When Reeva Forman telephoned me on Benny's behalf I had no hesitation - though perhaps I should have, for this week's Torah portion - Tazria-Metzora - is not exactly the most exciting! Leprosy and bodily emissions are not really things to talk of in public, are they!
And yet I almost hear my first mentor here at Temple Israel, Rabbi Arthur Super of blessed memory, almost forcing me to make something of the text and not to hide from it by choosing an easier theme from the Haftarah. mind you, the Haftarah we did read, the well-known tale of the soldier Naaman who on being healed became a devotee of the one God could be a very good lead-in for us, for in many ways the devotion of Benny and indeed may to our movement and to Temple Israel in particular came from an open-hearted response to the overtures of an Elisha-type figure, Rabbi Weiler himself.
I cannot of course speak personally of the 1940s and early 1950s - before I was born and before I became aware. However, from the late 1950s onwards there is much that even I can reflect upon and in which Benny clearly played a major hand. In those days the United Progressive Jewish Congregation of Johannesburg or UPJC consisted of temples Israel, Shalom and Emanuel, and Benny ran the show.
As a teenager I was to watch him midweek directing matters out of his office - with May and the trusty and lamented Sylvia Segal as his backup. From what I could gather his main aim was garnering money to keep it all going - and there was much to keep going as, looking back, it probably was the heyday of our movement, with two more synagogues - Temples Sinai and David on the horizon, the Sisterhoods, the Religion Schools each with up to 200 pupils in attendance.
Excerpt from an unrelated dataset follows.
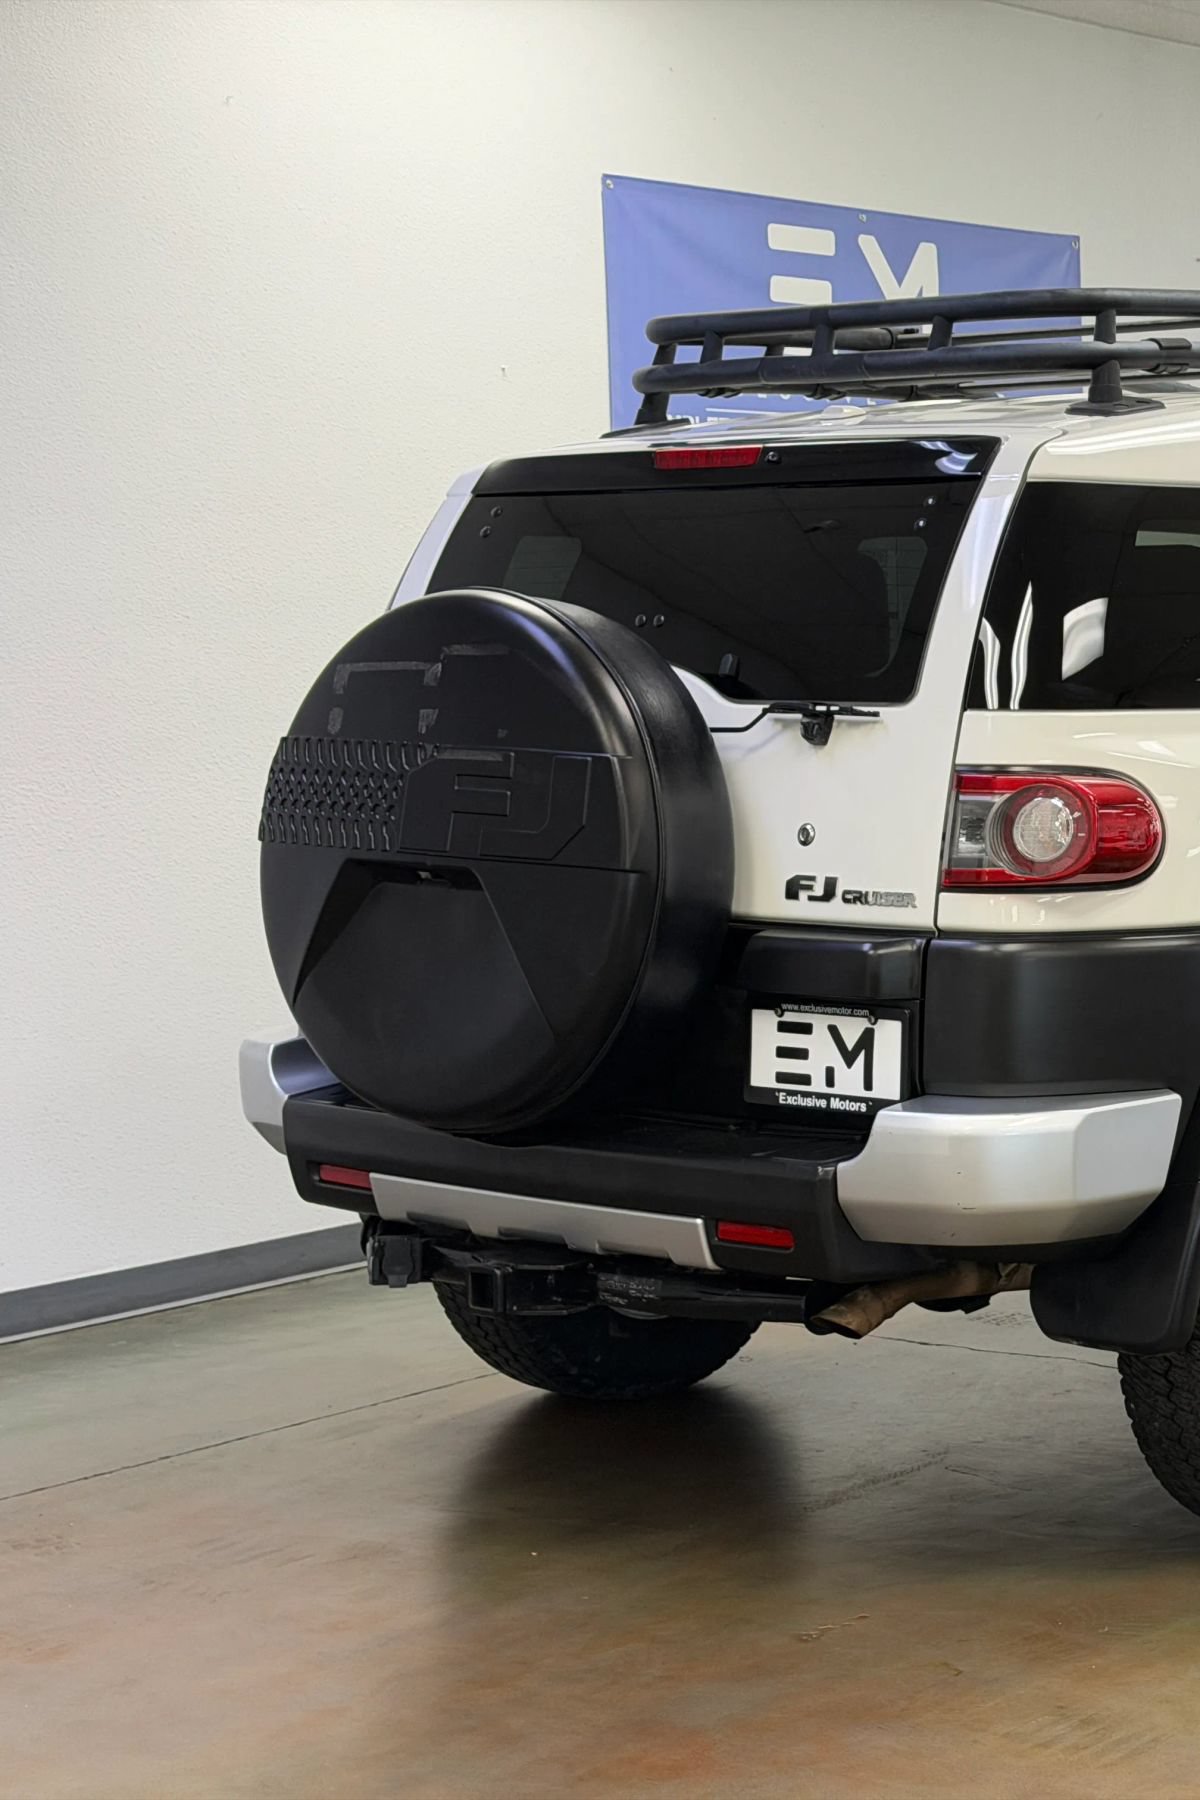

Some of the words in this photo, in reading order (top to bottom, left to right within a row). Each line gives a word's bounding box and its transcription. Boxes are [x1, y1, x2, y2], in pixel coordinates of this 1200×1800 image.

[785, 874, 838, 902] FJ
[842, 889, 918, 908] CRUISER
[781, 1002, 870, 1017] www.exclusivemotor.com
[775, 1020, 875, 1091] EM
Indeed, youth has always been much to the fore in Benny's life. One of the originators of the Alan Isaacs Camp - our three week romp in July near Margate on the South Coast - he it was who saw early on that that was not enough, great as it was, as I and others here can testify. He dreamed up Mateh Sinai - a sort of Jewish scouts, which eventually became the Junior Alan Isaacs, later still Maginim, the forerunner of Netzer. And at AIC, he and his lieutenants like Izzy Wainer and much later Alan Morris continued the tradition, including at the camp indigents or youngsters who would not ordinarily have had such a holiday, thus making the motto of the camp from Proverbs - "the rich and poor meet together, the lord is the Maker of them all..." a living reality.
Benny, as a true South African, loves his sport and sport was somehow incorporated into his work: The Montagu Country Club, named for Lily Montagu, Director of our World Union who had initially sent Rabbi Weiler out here, became our movement's sporting venue.
It was however short-lived as an exclusive Progressive venue as others became majority shareholders. Indeed, Benny's warning to us youngsters who were creating the youth movements in the 1960s still rings in my ears today: Welcome others to be sure but do not allow the intended character or ideal of what you are planning to be throttled.
Benny's role from administrator to something more was also something I both witnessed and experienced in the 1960s. Following Rabbi Weiler's aliya several Rabbis came and went. There was suddenly a shortage and into the breach stepped Benny, conducting services, marriages and the like and it is of course in this role that he is being recognised by the current membership of Temple Israel.
But Benny was firstly a teacher, trained and experienced. And it was in this role that I first really got to know him - as leader of our post Bar/Bat Mitzvah classes here at Temple Israel. he would bring to the so-called Discussion Class visitors, lecturers or simply himself, instilling in us teenagers a sense of who we were. He would visit schools - indeed, I recall his coming to my school and addressing the Student Jewish Association on the Sinai Campaign and on the Warsaw Ghetto Uprising.
And he probably had much to do with my becoming a public speaker through the annual oratorical contest held at the Discussion Class. It had to be on a Jewish topic and if we didn't have one in our heads he would provide one - with hilarious results: One pupil given the topic "Hakoach" launched into the virtues of one Rabbi Hakoach - before being told that "hakoach" was the name of a pre-war Jewish football team in Vienna!
Mind you, I too spoke about Rabbi Lubeck - before realising he was Leo Baeck, famed Rabbi and a name that was eventually to feature much in my life. Actually I have to thank Benny myself - for the year I won that contest I received a copy of a book written by Edgar Bernstein who was himself a key lay reader here and much more besides: Called "My Judaism My Jews" I read it and reread it again and it certainly played a part in my religious upbringing.
In our portion today a phrase appears twice near the end of the passage we read: MAYIM CHAYIM - literally "living waters". It refers there to the cleansing of the contaminated houses, but MAYIM CHAYIM has also been linked to the waters of learning, the teaching of Torah.
Benny, you and May have been the embodiments of living waters, be it in your teaching, in your leadership of this movement in the past and even in the present. May you enjoy this special birthday weekend, not only in the company of your immediate family but amongst us all. And as I bless you may you know that in addition to those gathered here today are countless others who, knowingly or not, thank you for having touched their lives.